The main characteristics of Renaissance music are: Music based on modes. Richer texture in four or more parts. Blending rather than contrasting strands in the musical texture. Harmony with a greater concern with the flow and progression of chords. Polyphony is one of the notable changes that mark the Renaissance from the Middle Ages musically. Its use encouraged the use of larger ensembles and demanded sets of instruments that would blend together across the whole vocal range.

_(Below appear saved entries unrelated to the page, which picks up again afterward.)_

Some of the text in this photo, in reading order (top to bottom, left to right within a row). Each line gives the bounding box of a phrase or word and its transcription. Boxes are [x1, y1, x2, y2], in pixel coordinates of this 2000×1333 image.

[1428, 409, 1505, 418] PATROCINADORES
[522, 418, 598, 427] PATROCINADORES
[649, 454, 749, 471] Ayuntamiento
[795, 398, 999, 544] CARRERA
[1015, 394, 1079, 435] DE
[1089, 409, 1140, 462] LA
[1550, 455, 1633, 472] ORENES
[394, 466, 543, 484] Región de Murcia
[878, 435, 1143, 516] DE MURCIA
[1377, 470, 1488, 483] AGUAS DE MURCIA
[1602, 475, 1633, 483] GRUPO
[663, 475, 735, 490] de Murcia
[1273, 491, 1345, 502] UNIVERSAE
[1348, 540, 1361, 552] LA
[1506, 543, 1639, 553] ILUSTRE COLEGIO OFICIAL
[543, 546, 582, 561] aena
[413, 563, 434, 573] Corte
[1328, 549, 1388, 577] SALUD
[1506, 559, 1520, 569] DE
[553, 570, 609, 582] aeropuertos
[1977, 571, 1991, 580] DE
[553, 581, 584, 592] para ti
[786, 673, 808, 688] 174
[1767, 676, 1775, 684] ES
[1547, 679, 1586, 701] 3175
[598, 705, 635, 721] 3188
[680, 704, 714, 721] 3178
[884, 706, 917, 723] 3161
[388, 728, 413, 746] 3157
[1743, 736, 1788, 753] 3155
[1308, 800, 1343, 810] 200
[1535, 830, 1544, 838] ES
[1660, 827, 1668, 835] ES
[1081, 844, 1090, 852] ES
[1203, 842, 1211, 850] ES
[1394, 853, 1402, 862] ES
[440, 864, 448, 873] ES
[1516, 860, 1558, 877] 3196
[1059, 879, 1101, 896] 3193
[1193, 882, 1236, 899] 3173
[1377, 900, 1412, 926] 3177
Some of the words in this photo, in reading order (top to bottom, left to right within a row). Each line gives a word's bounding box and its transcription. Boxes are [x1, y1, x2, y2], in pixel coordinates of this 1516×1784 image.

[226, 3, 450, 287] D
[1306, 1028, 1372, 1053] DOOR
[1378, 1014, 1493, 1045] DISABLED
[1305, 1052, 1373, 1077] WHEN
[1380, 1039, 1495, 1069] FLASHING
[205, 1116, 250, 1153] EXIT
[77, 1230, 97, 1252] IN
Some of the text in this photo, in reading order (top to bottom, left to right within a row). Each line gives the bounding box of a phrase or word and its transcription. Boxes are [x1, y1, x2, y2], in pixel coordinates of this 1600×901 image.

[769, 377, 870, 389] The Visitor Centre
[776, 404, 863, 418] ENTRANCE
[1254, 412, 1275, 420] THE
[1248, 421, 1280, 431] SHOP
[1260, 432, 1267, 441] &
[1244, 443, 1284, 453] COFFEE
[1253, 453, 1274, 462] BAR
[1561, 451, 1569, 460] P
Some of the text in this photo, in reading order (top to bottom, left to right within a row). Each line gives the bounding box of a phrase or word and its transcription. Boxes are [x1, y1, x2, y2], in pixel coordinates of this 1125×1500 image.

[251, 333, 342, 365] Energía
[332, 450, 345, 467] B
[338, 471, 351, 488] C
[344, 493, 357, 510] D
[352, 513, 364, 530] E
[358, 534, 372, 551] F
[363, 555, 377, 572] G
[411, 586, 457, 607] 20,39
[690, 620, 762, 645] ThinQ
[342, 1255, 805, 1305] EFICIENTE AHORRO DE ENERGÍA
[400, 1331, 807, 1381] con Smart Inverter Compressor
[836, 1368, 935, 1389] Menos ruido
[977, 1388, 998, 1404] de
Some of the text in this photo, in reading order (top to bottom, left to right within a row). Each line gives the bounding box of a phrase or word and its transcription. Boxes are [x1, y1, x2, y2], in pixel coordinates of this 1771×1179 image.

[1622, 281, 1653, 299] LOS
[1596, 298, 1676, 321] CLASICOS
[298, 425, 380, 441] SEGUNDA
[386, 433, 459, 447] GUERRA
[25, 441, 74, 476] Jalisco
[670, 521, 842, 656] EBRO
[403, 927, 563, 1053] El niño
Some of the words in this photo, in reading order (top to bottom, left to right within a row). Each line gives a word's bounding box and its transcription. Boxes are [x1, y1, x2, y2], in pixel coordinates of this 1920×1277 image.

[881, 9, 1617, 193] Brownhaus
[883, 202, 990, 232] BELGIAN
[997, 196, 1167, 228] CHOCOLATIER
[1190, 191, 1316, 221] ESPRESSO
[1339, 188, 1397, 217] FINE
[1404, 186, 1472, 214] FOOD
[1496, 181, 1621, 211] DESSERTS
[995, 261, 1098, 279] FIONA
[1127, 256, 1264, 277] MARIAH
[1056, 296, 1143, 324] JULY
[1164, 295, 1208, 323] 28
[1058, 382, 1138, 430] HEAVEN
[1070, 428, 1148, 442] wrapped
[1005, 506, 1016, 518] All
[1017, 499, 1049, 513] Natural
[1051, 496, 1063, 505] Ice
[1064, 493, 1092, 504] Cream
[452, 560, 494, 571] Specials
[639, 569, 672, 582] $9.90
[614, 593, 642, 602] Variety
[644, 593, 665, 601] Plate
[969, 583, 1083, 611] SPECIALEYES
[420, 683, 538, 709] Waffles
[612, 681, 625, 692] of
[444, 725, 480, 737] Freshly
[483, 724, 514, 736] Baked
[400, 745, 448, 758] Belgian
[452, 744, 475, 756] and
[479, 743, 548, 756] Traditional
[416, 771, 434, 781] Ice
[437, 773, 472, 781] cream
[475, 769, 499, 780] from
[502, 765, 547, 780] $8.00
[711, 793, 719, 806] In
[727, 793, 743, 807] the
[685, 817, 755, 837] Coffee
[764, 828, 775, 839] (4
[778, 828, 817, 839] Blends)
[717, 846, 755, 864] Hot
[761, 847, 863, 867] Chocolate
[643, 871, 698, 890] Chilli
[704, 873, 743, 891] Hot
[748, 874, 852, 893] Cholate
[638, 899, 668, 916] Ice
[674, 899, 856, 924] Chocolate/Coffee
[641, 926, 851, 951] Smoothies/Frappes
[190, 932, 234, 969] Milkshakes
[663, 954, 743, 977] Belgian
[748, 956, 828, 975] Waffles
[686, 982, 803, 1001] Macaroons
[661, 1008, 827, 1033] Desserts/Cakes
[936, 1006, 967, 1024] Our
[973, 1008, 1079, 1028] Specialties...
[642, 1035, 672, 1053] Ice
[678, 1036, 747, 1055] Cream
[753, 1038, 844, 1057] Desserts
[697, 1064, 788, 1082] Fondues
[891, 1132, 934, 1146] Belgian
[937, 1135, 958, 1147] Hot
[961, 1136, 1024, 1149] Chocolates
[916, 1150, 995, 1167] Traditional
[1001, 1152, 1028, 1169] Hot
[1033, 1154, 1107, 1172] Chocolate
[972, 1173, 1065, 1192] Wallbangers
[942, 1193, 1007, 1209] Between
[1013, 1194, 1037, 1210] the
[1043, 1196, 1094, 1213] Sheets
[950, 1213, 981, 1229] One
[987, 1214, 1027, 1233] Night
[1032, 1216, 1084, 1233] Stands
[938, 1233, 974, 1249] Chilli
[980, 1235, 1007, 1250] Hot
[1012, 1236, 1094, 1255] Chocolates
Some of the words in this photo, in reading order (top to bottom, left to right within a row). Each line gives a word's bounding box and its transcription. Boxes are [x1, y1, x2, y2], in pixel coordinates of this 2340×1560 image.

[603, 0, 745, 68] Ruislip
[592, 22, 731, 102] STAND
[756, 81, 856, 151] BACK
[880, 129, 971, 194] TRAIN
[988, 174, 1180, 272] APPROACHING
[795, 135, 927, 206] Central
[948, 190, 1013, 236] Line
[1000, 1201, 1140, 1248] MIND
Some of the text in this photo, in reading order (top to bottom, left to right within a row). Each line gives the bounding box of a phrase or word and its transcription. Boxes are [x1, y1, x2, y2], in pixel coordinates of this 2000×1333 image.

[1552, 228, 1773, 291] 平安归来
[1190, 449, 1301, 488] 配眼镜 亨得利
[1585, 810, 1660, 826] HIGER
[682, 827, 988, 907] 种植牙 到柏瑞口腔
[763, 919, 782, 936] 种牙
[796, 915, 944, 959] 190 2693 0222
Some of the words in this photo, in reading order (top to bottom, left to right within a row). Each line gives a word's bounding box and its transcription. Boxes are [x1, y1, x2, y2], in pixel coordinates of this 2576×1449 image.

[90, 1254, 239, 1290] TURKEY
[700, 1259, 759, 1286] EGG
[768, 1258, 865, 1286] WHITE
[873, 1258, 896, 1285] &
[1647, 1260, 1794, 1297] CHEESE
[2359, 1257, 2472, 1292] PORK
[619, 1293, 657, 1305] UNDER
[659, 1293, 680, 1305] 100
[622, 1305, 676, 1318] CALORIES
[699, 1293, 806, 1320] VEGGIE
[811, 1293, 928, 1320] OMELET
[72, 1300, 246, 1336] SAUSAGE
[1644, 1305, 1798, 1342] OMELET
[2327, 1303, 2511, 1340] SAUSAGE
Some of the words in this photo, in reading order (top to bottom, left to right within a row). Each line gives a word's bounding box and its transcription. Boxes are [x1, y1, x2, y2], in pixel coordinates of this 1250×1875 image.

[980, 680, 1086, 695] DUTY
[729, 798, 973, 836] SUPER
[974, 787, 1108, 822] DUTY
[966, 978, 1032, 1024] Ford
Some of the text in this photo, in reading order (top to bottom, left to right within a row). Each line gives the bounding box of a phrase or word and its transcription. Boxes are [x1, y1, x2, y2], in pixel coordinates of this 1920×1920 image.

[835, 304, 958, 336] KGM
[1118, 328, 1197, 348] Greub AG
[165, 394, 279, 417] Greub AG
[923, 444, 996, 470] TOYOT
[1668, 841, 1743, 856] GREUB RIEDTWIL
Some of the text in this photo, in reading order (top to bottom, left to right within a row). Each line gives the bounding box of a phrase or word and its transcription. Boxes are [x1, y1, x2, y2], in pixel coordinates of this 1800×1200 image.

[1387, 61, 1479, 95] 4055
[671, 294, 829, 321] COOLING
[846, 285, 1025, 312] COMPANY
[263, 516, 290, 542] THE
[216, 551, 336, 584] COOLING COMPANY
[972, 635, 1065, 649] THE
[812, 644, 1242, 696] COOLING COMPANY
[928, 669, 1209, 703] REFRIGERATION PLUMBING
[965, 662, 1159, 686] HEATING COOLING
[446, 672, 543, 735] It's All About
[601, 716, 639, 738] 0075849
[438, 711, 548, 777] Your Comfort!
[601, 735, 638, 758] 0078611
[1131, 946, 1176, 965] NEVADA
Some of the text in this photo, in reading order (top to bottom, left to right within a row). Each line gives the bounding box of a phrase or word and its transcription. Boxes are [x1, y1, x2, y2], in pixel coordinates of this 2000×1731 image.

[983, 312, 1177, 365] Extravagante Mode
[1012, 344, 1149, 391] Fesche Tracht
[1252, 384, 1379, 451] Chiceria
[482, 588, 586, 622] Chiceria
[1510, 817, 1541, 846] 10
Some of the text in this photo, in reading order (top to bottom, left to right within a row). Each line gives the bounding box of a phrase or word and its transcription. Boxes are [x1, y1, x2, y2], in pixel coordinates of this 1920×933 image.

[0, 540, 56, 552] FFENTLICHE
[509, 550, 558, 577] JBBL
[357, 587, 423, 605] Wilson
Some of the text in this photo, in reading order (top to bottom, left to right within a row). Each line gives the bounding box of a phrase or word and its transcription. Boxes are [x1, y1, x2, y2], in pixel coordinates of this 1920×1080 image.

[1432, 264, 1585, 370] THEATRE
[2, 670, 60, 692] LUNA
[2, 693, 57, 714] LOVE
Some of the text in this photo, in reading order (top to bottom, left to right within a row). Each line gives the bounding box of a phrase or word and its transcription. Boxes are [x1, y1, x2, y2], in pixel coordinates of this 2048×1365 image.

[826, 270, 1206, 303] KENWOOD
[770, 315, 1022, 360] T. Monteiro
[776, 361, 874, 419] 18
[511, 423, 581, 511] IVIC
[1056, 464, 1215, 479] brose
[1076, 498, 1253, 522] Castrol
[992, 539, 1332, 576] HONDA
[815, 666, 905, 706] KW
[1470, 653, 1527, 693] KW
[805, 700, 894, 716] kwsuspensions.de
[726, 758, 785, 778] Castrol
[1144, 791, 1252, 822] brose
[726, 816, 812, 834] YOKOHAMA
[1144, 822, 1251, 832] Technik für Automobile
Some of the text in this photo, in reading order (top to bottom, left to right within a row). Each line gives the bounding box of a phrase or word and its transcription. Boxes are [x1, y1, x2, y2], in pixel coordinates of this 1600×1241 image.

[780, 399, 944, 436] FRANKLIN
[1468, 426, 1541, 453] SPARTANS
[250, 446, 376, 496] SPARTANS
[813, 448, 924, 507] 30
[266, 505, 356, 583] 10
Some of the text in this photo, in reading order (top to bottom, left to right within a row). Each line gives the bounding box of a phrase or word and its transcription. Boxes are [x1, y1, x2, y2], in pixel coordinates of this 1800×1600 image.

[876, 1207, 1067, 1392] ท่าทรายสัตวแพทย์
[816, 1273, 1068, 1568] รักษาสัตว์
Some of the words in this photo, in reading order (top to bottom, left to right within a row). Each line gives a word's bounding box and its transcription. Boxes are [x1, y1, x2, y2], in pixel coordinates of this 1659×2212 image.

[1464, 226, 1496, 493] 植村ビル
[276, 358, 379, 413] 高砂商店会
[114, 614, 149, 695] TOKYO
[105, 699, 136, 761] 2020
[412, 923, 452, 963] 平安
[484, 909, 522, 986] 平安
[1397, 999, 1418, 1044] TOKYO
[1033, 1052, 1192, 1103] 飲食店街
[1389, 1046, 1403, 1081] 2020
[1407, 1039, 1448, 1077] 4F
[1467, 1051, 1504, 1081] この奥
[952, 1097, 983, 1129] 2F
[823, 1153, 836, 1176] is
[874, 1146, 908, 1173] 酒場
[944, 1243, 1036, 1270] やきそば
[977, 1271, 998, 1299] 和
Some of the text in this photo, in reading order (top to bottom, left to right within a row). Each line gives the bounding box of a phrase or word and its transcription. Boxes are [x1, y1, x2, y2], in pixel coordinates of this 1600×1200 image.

Common sacred genres were the mass, the motet, the madrigale spirituale, and the laude
Music by William Byrd Music by Josquin De Pres

Baroque: 1600 to 1750


I hope you have heard of J.S. Bach, and you might have heard of Handel. Other names you might have could be Vivaldi and Pachelbel. The Baroque Era was named for its ornate and heavily ornamented style, but we remember it for its incredible counterpoint, move towards a codified Western Harmony and for an increase in instrumental virtuosity.

Examples
J.S. Bach's Brandenburg Concerto Number 2 Handel: Music For The Royal Fireworks -Winter from the Four Seasons

Classical(1750 to 1820, sometimes called the Viennese School)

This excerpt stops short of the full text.